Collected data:

+++

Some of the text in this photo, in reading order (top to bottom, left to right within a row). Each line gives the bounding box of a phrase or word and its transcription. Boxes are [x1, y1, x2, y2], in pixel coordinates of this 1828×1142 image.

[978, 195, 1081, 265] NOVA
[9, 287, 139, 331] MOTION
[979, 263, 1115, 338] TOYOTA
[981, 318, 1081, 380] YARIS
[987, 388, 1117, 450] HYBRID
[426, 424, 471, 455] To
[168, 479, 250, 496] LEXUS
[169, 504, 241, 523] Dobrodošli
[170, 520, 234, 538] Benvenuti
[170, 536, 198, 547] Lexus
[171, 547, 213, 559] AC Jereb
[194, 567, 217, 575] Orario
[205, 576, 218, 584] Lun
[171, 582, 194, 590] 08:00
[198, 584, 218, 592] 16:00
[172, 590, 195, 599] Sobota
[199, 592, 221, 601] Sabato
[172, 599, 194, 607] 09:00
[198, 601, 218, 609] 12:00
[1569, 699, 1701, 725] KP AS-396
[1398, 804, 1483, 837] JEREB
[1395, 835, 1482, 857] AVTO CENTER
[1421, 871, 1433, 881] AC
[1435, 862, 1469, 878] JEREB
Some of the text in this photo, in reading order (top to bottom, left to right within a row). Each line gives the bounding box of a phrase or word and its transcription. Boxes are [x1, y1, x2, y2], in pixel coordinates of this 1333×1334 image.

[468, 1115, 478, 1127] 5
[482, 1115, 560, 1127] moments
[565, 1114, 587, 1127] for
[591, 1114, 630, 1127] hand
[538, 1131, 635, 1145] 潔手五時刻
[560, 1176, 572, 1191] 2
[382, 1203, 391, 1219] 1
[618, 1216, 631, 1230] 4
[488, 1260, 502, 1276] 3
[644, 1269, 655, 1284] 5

+++

BRIEF →
Your answer should be the lines from the one containing "this 1333×1334 image." through the end of the records, both included, output exactly and with nothing added.

OUTPUT FOR THIS EXERCISE →
Some of the text in this photo, in reading order (top to bottom, left to right within a row). Each line gives the bounding box of a phrase or word and its transcription. Boxes are [x1, y1, x2, y2], in pixel coordinates of this 1333×1334 image.

[468, 1115, 478, 1127] 5
[482, 1115, 560, 1127] moments
[565, 1114, 587, 1127] for
[591, 1114, 630, 1127] hand
[538, 1131, 635, 1145] 潔手五時刻
[560, 1176, 572, 1191] 2
[382, 1203, 391, 1219] 1
[618, 1216, 631, 1230] 4
[488, 1260, 502, 1276] 3
[644, 1269, 655, 1284] 5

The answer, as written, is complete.